Dataset entries:
::::
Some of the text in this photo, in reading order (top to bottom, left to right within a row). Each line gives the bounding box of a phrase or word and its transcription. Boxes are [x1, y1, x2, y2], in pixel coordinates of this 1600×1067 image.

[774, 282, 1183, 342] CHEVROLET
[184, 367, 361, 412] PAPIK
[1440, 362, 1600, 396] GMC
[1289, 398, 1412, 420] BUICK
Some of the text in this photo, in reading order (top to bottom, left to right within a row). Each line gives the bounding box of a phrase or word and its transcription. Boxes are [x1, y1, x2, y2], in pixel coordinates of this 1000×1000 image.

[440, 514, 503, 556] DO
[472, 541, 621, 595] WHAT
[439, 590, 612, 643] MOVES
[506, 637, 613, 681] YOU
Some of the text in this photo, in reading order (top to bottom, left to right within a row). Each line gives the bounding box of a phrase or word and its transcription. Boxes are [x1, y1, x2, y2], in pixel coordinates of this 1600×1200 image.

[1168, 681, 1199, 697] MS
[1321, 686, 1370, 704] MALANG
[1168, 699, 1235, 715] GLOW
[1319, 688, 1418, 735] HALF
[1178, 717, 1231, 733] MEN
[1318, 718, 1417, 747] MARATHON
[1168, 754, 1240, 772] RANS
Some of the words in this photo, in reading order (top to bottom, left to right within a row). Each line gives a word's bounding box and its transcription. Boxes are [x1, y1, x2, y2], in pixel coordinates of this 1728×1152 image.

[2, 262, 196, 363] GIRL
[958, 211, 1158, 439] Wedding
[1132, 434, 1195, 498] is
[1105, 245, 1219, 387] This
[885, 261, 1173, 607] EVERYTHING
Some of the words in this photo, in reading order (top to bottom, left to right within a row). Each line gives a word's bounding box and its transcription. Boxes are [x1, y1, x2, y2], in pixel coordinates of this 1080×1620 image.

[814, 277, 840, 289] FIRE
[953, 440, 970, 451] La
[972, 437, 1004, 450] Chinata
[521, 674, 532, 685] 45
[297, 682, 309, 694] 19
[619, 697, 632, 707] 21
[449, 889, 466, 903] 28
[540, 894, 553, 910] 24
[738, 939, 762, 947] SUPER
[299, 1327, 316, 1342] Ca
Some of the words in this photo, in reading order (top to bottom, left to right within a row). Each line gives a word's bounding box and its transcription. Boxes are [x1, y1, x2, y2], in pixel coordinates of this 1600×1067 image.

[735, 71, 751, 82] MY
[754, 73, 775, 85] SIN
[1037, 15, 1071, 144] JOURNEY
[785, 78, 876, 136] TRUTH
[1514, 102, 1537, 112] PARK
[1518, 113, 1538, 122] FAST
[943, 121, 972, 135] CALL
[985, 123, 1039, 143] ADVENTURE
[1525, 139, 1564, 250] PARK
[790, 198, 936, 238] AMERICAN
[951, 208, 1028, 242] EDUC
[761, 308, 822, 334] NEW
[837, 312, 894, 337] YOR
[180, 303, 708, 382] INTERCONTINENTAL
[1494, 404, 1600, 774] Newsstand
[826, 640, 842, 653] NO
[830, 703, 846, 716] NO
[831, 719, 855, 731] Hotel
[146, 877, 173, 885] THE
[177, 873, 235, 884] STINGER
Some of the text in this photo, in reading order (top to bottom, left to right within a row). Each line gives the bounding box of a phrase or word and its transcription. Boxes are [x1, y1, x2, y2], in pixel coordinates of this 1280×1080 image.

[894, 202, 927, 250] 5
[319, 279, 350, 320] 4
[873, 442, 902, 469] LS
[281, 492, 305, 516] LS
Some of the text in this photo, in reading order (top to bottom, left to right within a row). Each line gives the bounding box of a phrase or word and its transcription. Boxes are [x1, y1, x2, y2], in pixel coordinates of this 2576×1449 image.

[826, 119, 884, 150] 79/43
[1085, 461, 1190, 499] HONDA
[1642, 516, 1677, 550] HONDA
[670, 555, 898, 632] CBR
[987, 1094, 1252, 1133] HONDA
::::
Assignment – For every record above, print an exact copy.

Answer for the task –
Some of the text in this photo, in reading order (top to bottom, left to right within a row). Each line gives the bounding box of a phrase or word and its transcription. Boxes are [x1, y1, x2, y2], in pixel coordinates of this 1600×1067 image.

[774, 282, 1183, 342] CHEVROLET
[184, 367, 361, 412] PAPIK
[1440, 362, 1600, 396] GMC
[1289, 398, 1412, 420] BUICK
Some of the text in this photo, in reading order (top to bottom, left to right within a row). Each line gives the bounding box of a phrase or word and its transcription. Boxes are [x1, y1, x2, y2], in pixel coordinates of this 1000×1000 image.

[440, 514, 503, 556] DO
[472, 541, 621, 595] WHAT
[439, 590, 612, 643] MOVES
[506, 637, 613, 681] YOU
Some of the text in this photo, in reading order (top to bottom, left to right within a row). Each line gives the bounding box of a phrase or word and its transcription. Boxes are [x1, y1, x2, y2], in pixel coordinates of this 1600×1200 image.

[1168, 681, 1199, 697] MS
[1321, 686, 1370, 704] MALANG
[1168, 699, 1235, 715] GLOW
[1319, 688, 1418, 735] HALF
[1178, 717, 1231, 733] MEN
[1318, 718, 1417, 747] MARATHON
[1168, 754, 1240, 772] RANS
Some of the words in this photo, in reading order (top to bottom, left to right within a row). Each line gives a word's bounding box and its transcription. Boxes are [x1, y1, x2, y2], in pixel coordinates of this 1728×1152 image.

[2, 262, 196, 363] GIRL
[958, 211, 1158, 439] Wedding
[1132, 434, 1195, 498] is
[1105, 245, 1219, 387] This
[885, 261, 1173, 607] EVERYTHING
Some of the words in this photo, in reading order (top to bottom, left to right within a row). Each line gives a word's bounding box and its transcription. Boxes are [x1, y1, x2, y2], in pixel coordinates of this 1080×1620 image.

[814, 277, 840, 289] FIRE
[953, 440, 970, 451] La
[972, 437, 1004, 450] Chinata
[521, 674, 532, 685] 45
[297, 682, 309, 694] 19
[619, 697, 632, 707] 21
[449, 889, 466, 903] 28
[540, 894, 553, 910] 24
[738, 939, 762, 947] SUPER
[299, 1327, 316, 1342] Ca
Some of the words in this photo, in reading order (top to bottom, left to right within a row). Each line gives a word's bounding box and its transcription. Boxes are [x1, y1, x2, y2], in pixel coordinates of this 1600×1067 image.

[735, 71, 751, 82] MY
[754, 73, 775, 85] SIN
[1037, 15, 1071, 144] JOURNEY
[785, 78, 876, 136] TRUTH
[1514, 102, 1537, 112] PARK
[1518, 113, 1538, 122] FAST
[943, 121, 972, 135] CALL
[985, 123, 1039, 143] ADVENTURE
[1525, 139, 1564, 250] PARK
[790, 198, 936, 238] AMERICAN
[951, 208, 1028, 242] EDUC
[761, 308, 822, 334] NEW
[837, 312, 894, 337] YOR
[180, 303, 708, 382] INTERCONTINENTAL
[1494, 404, 1600, 774] Newsstand
[826, 640, 842, 653] NO
[830, 703, 846, 716] NO
[831, 719, 855, 731] Hotel
[146, 877, 173, 885] THE
[177, 873, 235, 884] STINGER
Some of the text in this photo, in reading order (top to bottom, left to right within a row). Each line gives the bounding box of a phrase or word and its transcription. Boxes are [x1, y1, x2, y2], in pixel coordinates of this 1280×1080 image.

[894, 202, 927, 250] 5
[319, 279, 350, 320] 4
[873, 442, 902, 469] LS
[281, 492, 305, 516] LS
Some of the text in this photo, in reading order (top to bottom, left to right within a row). Each line gives the bounding box of a phrase or word and its transcription. Boxes are [x1, y1, x2, y2], in pixel coordinates of this 2576×1449 image.

[826, 119, 884, 150] 79/43
[1085, 461, 1190, 499] HONDA
[1642, 516, 1677, 550] HONDA
[670, 555, 898, 632] CBR
[987, 1094, 1252, 1133] HONDA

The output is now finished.